A response to Paul Jackson of Housingwire RE Lender Lender Processing Services’ DOCX Document Fabrication Price Sheet

Collateral damage – more than Paul Jackson’s reputation at risk

Guest post by Richard Smith

Events during this financial crisis have repeatedly displayed a degree of disrespect for various pundits’ authority; every so often another pulpit is toppled. So spare a thought for the pundits, the most unmourned of crisis casualties. One skips through the roll of slight miscues (”Lehman repo looks solid”, April ‘08), shame (”believe Fuld, Lehman bears are liars”, July ‘08), survivable embarrassment (”this is the bottom in banks’ equity!” July ‘08), and more shame (”Ireland is a great example of free markets in action, wait, no, a terrible example of government interference”, 2006-2010) in bemusement.  At least Tom Brown’s stock tip is a wee bit higher than it was when he tipped it.

Why do they set themselves up for a fall like that, I wonder? Volunteering to be part of the collateral damage seems to be compulsive. The latest to stick his neck out is the respected Housing Wire commentator, Paul Jackson.

Hang it, don’t spare a thought for him at all. He should know better than to combine a shoddy defense of document forgers with a drive by shooting of servicer critics.

The starting point of the piece is the celebrated DocX document fabrication price sheet, which, having debuted in the blogosphere in early October, made it onto TV the week before last, brandished in the mitt of Rep. Maxine Walters. This is why it matters (from the class action against LPS):

Docx is a wholly owned subsidiary of LPS. Docx is the largest lien release and assignment processing firm in the U.S., with more than 100 employees. Docx software is used by banks to track U.S. residential mortgages from the time they are originated until either the debt is satisfied or the borrower defaults. When the borrower defaults and the bank decides to foreclose, LPS assists the bank in preparing the paperwork that is filed with the court.

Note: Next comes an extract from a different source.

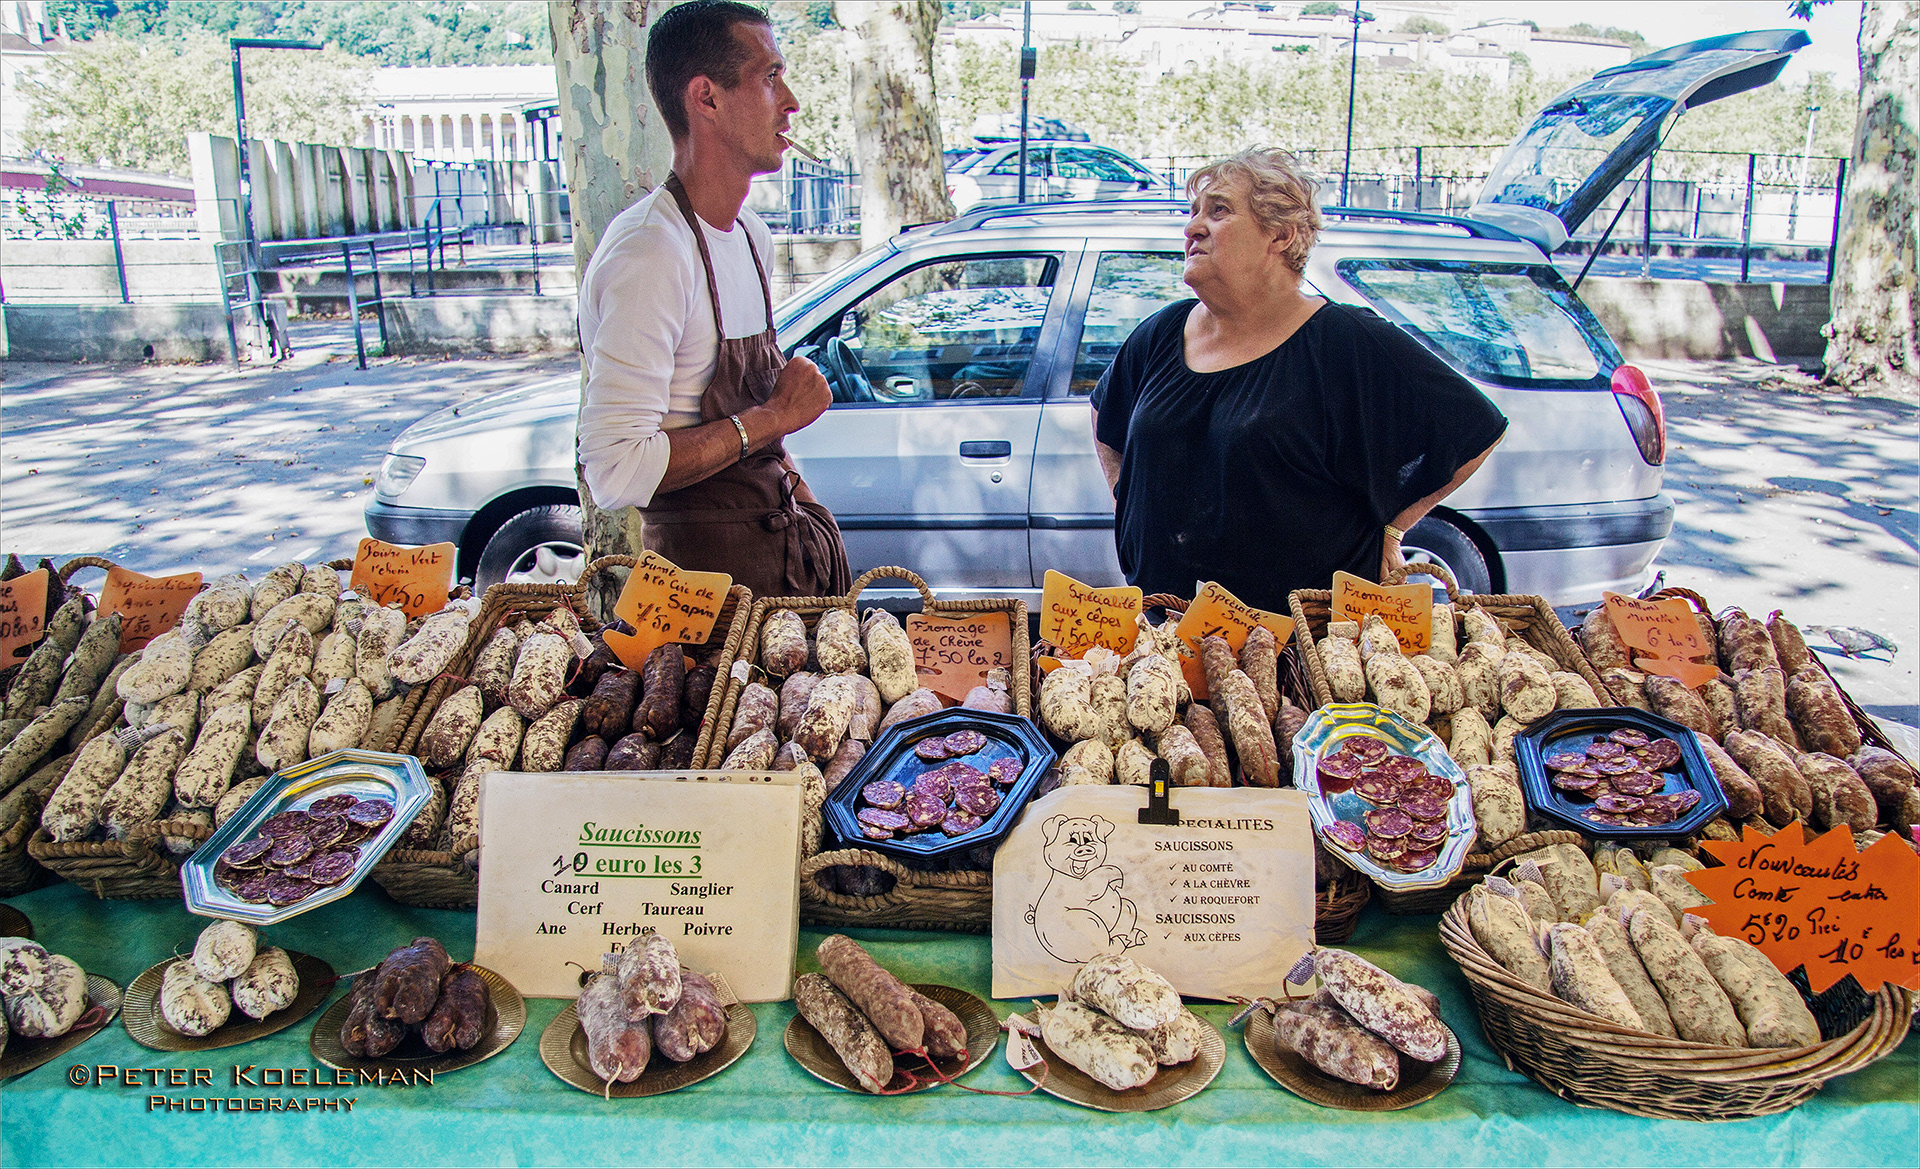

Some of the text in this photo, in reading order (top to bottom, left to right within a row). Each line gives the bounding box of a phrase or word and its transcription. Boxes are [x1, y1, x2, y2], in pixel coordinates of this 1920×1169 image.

But the price sheet is old news, says Paul Jackson, very old news. So old, in fact, that it means nothing:

Here’s the real bombshell about the now-infamous DocX pricing sheet: It is very much real, but it was in use more than a decade ago, and last seen years before LPS actually acquired Docx in late 2005. No wonder my sources couldn’t remember seeing it. Who would recall a 10-year-old pricing sheet from a then-much-smaller company in an obscure corner of the mortgage services world?

It mattered then; and, if DocX got big, and was still doing the same things, then it does matter now, too, Mr Jackson. Just asking a rhetorical question isn’t enough to rebut that point. Try harder.

It’s not just the grandstanding Maxine Walters, and other “congressional leaders” who are in Jackson’s sights, but also state attorneys general, “consumer groups”, “Michael Redman first posted the DocX pricing sheet on hir blog”, “consumer websites, including the Naked Capitalism blog” (I bet Yves likes that characterization), and, last but by no means least those dreadful “foreclosure defense attorneys” with their shoestring budgets and not-rich clients. A platoon of tiny assailants picking on the poor old multibillion dollar servicing industry. So unfair to the servicers! Be still, my beating heart, fer chrissake.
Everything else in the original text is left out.